At first, Augustine just wanted to live a solitary, monastic life. But in 391 he was foricibly ordained Bishop of Hippo (now a city in Algeria). He remained bishop there for 34 years, writing a ton, battling heresy and living in community with other Christians.

We know more about Augustine than any other ancient writer, because he wrote the most famous and influential of all ancient autobiographies: CONFESSIONS. Begun in 391, this book gives a detailed portrait of his early life and education. He paints himself as a worldly, passionate young man, driven by his quest for truth. He battled constantly with his own emotions and weaknesses.

The writing style is amazingly modern, concise and compelling. His relentless search drove him to adopt a variety of intellectual positions at different times. Among his greatest influences were:

Cicero (106-43 BC). When he was 19, Augustine read this from Cicero: "The mere search for higher happiness, not merely its actual attainment, is a prize beyond all human wealth or honor or physical pleasure." This set Augustine on the long search for truth.

Manicheism, a religion or cult which combined Christian and Zoroastrain elements. Augustine followed it for 10 years. From Persia, this religion had two ultimate principles -- Light and Darkness -- making it a dualistic religion. Basically, the human soul originates from the Light; matter and the physical universe are evil and originate from Darkness. This is how they explained the origin of evil, but it ultimately denies human responsibility for evil actions. Augustine was especially concerned with the problem of evil.

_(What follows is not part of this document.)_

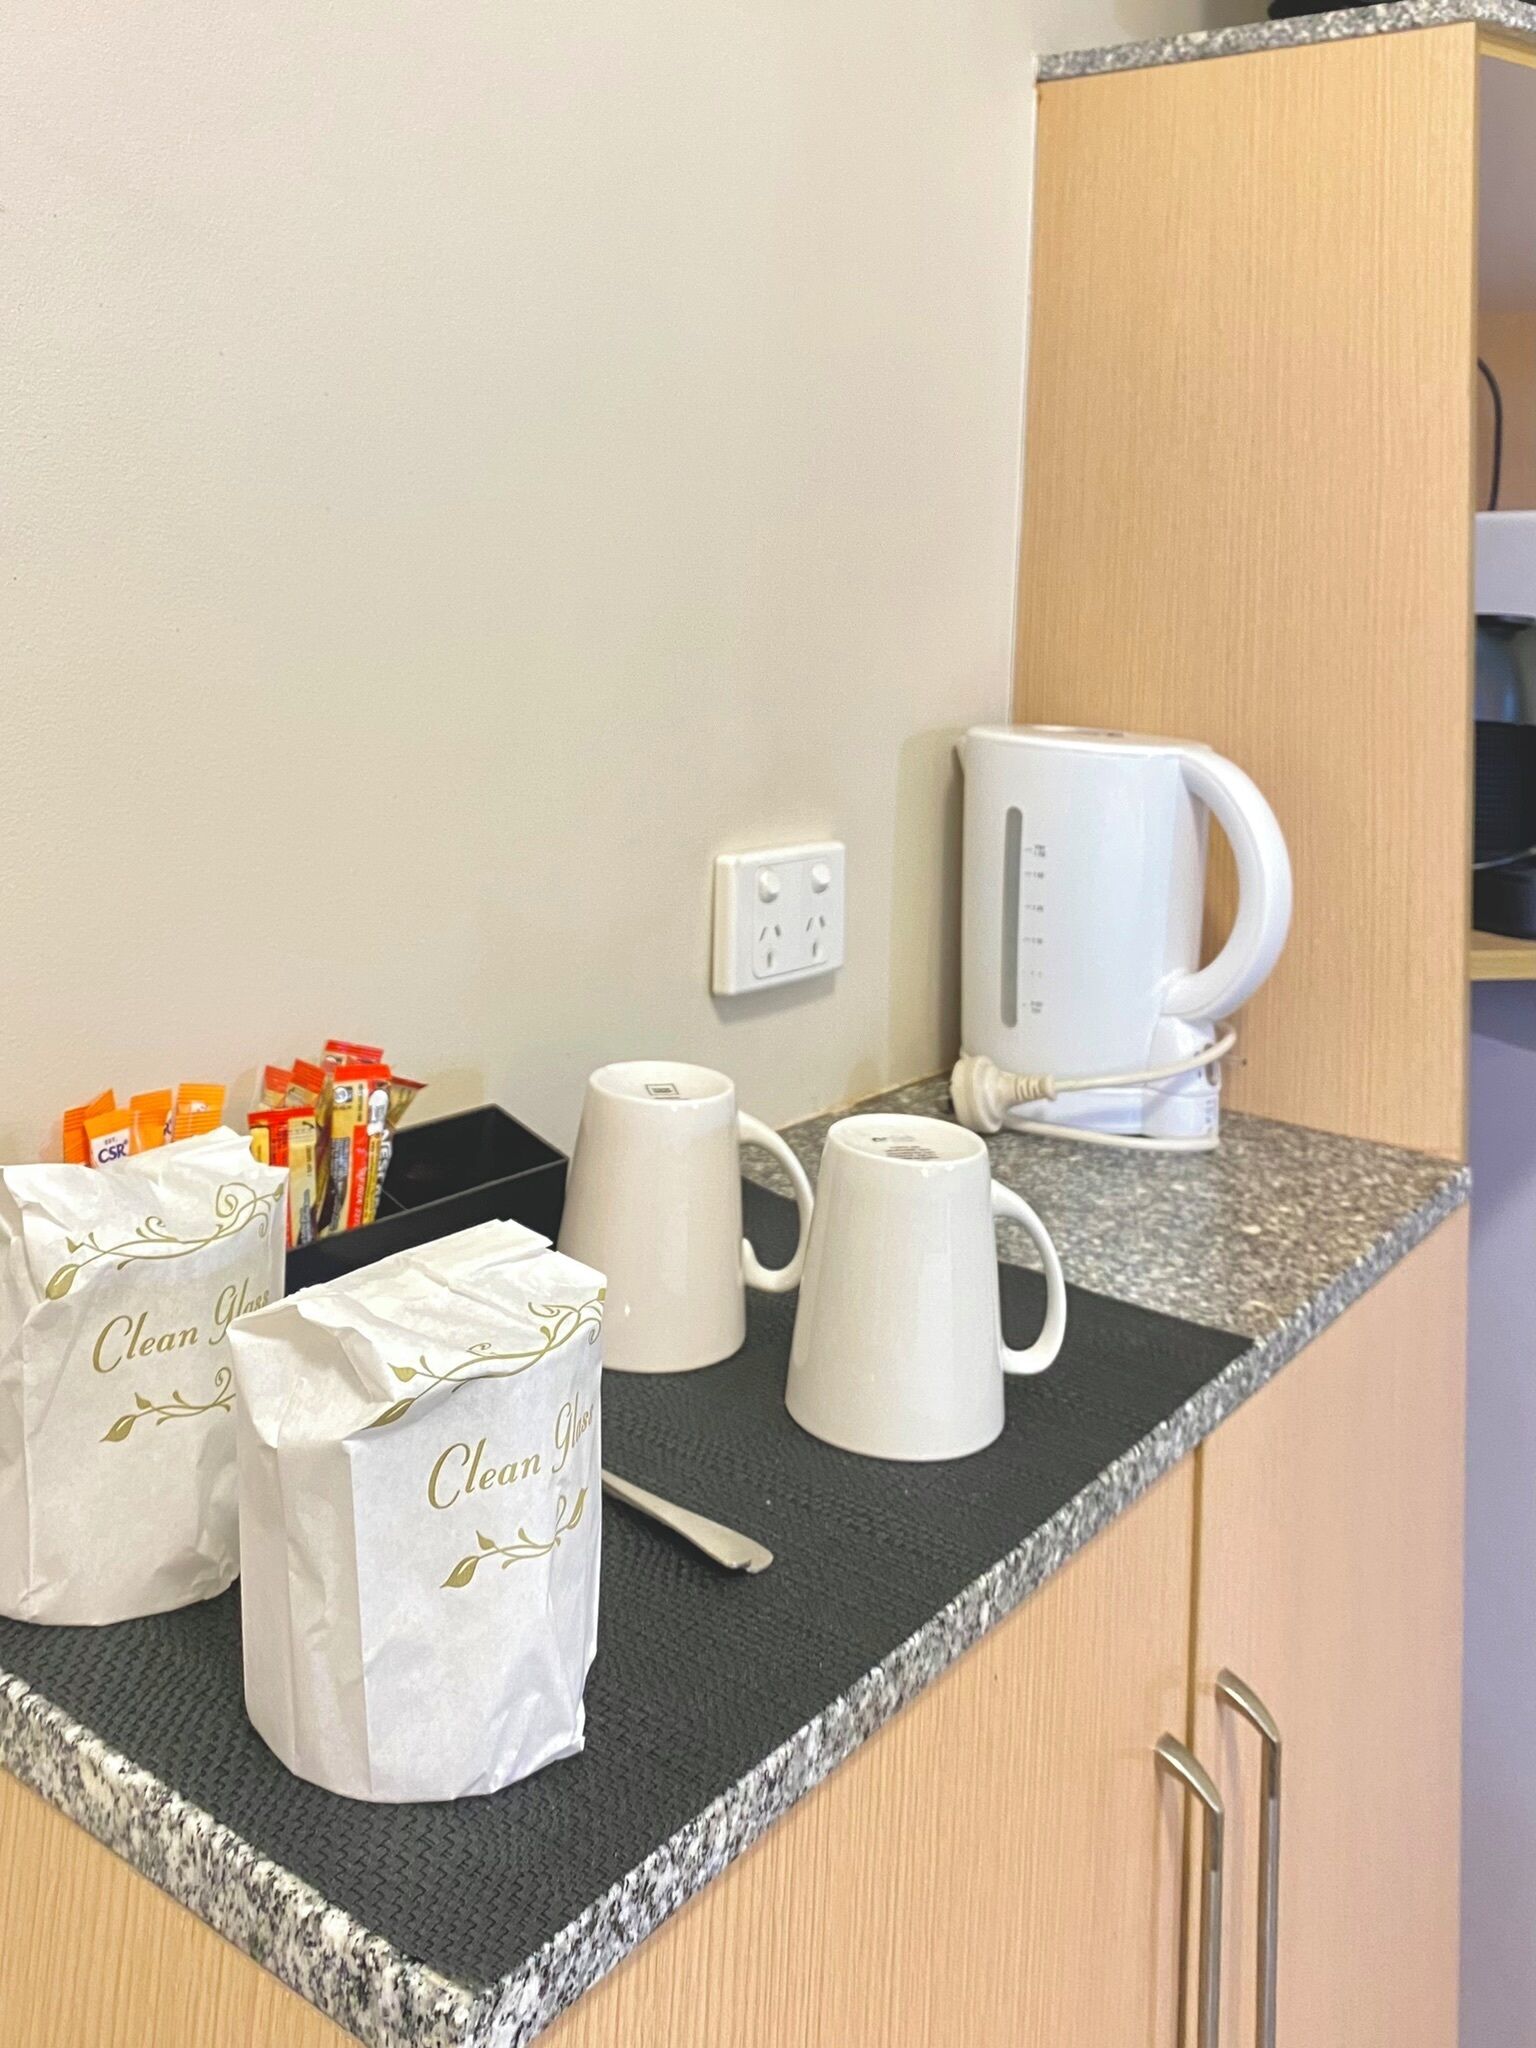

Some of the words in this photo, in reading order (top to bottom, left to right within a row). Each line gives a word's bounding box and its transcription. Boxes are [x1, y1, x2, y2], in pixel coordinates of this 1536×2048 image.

Manichean negativity towards matter and the body left its mark on his theology for years to come. The Manichees followed strict moral rules and frowned on anything related to pleasure. Mani (216-276), the founder of Manicheism, rejected the Old Testament and acknowledged the truth was revealed in other religions.

Astrology. For some time Augustine was fascinated by astrology. Eventually, he became disillusioned with it.

Scepticism. For a short time, Augustine became a sceptic, believing that certain knowledge was impossible -- anticipating Immanuel Kant by several centuries.